The promoter region of a drought and abscisic acid (ABA) inducible gene, osr40c1, was isolated from a salt-tolerant indica rice variety Pokkali, which is 670 bp upstream of the putative translation start codon. In silico promoter analysis of resulted sequence showed that at least 15 types of putative motifs were distributed within the sequence, including two types of common promoter elements, TATA and CAAT boxes. Additionally, several putative cis-acing regulatory elements which may be involved in regulation of osr40c1 expression under different conditions were found in the 5′-upstream region of osr40c1. These are ABA-responsive element, light-responsive elements (ATCT-motif, Box I, G-box, GT1-motif, Gap-box and Sp1), myeloblastosis oncogene response element (CCAAT-box), auxin responsive element (TGA-element), gibberellin-responsive element (GARE-motif) and fungal-elicitor responsive elements (Box E and Box-W1). A putative regulatory element, required for endosperm-specific pattern of gene expression designated as Skn-1 motif, was also detected in the Pokkali osr40c1promoter region. In conclusion, the bioinformatic analysis of osr40c1 promoter region isolated from indica rice variety Pokkali led to the identification of several important stress-responsive cis-acting regulatory elements, and therefore, the isolated promoter sequence could be employed in rice genetic transformation to mediate expression of abiotic stress induced genes.
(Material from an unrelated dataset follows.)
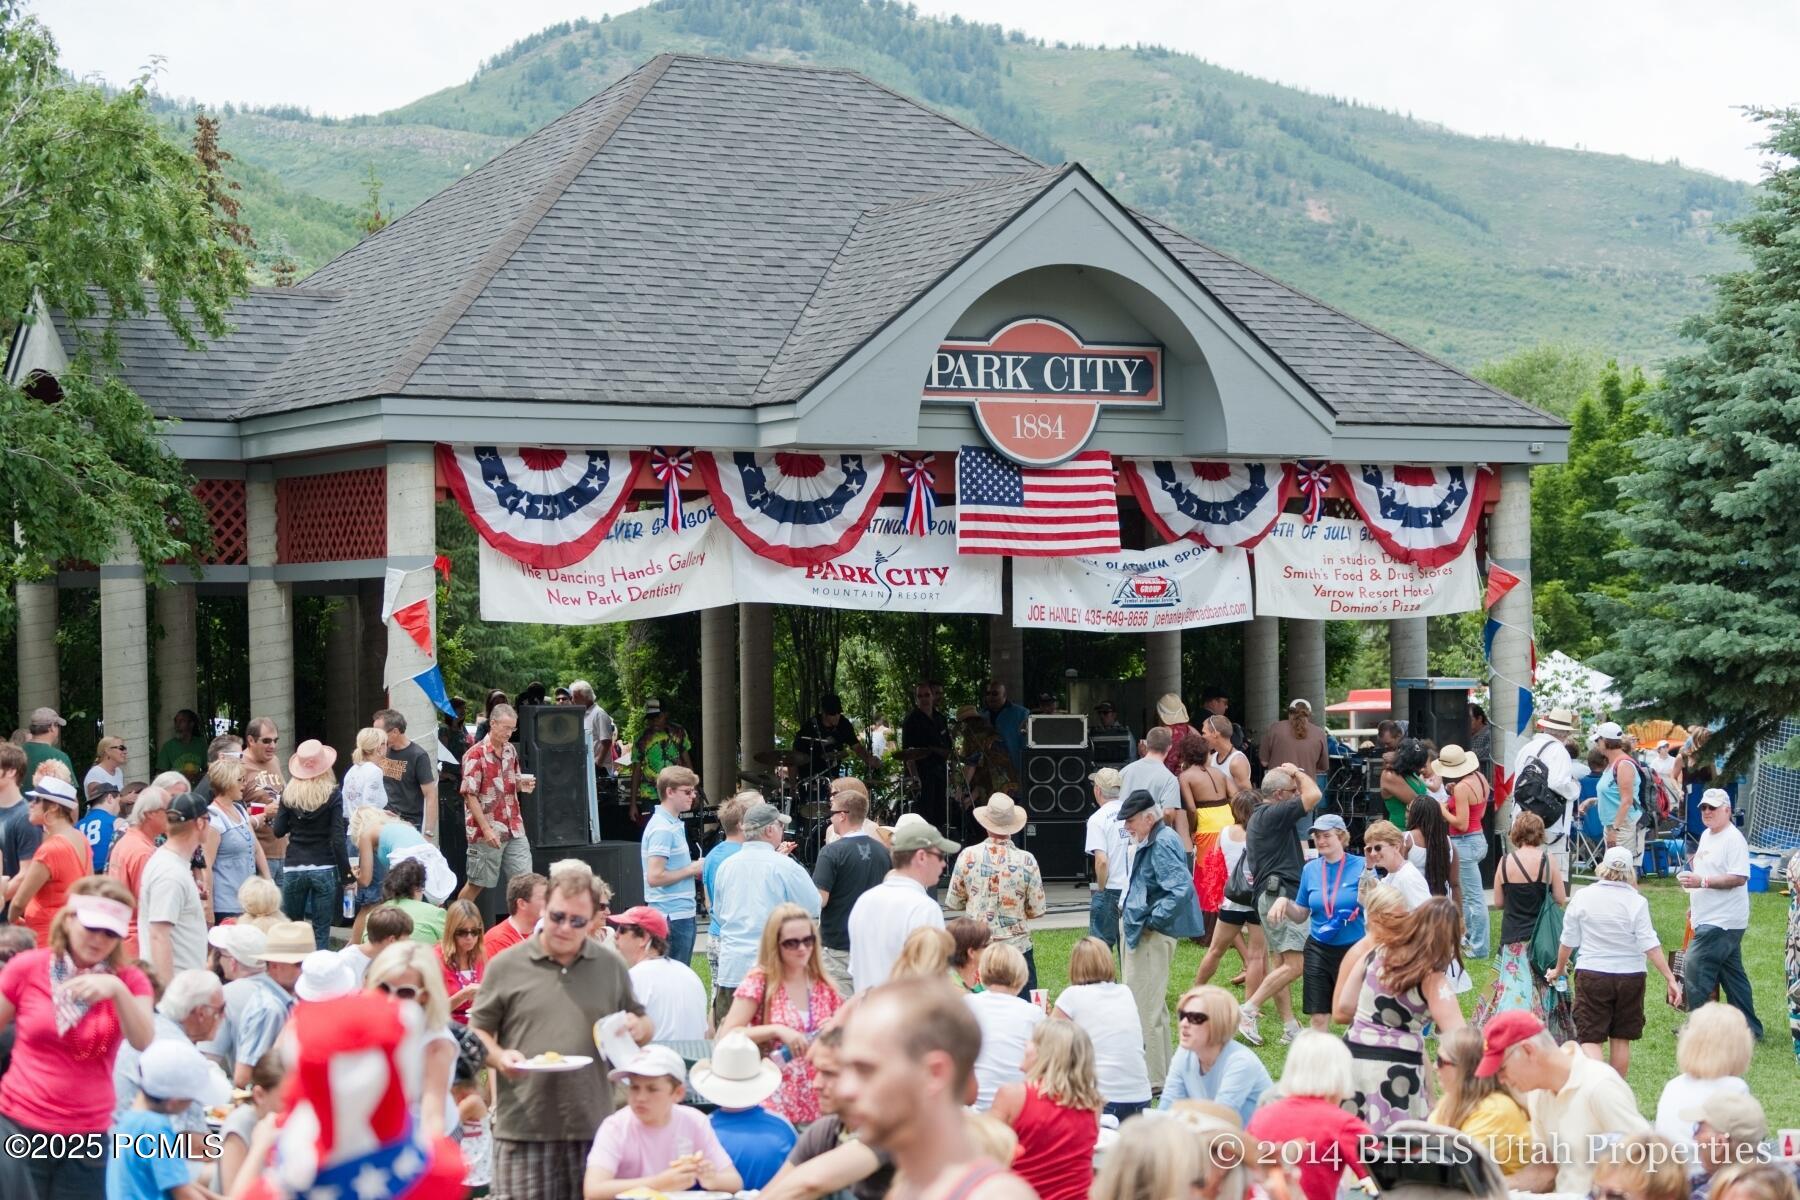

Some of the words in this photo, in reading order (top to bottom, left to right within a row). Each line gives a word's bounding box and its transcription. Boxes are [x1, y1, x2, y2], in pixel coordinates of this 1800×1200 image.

The major cereal crops, rice, wheat and maize, provide more than half of the calories consumed by humans, worldwide (Langridge and Fleury, 2011). Rice (Oryza sativa L.), as a staple food for more than one-half of the world’ s population, provides approximately 23% of calorie needs (Khush, 2001). However, it has been predicted that the world may require 25% more rice production by the year 2030 to feed the growing population (Wani and Sah, 2014). To meet this challenge, we need to extend rice growing areas or develop improved rice varieties through breeding efforts to increase yield per hectare. The latter seems to be the only possible way to boost rice production as the availability of land for agriculture is becoming a limiting factor due to increasing population and urbanization (Ansari et al, 2015).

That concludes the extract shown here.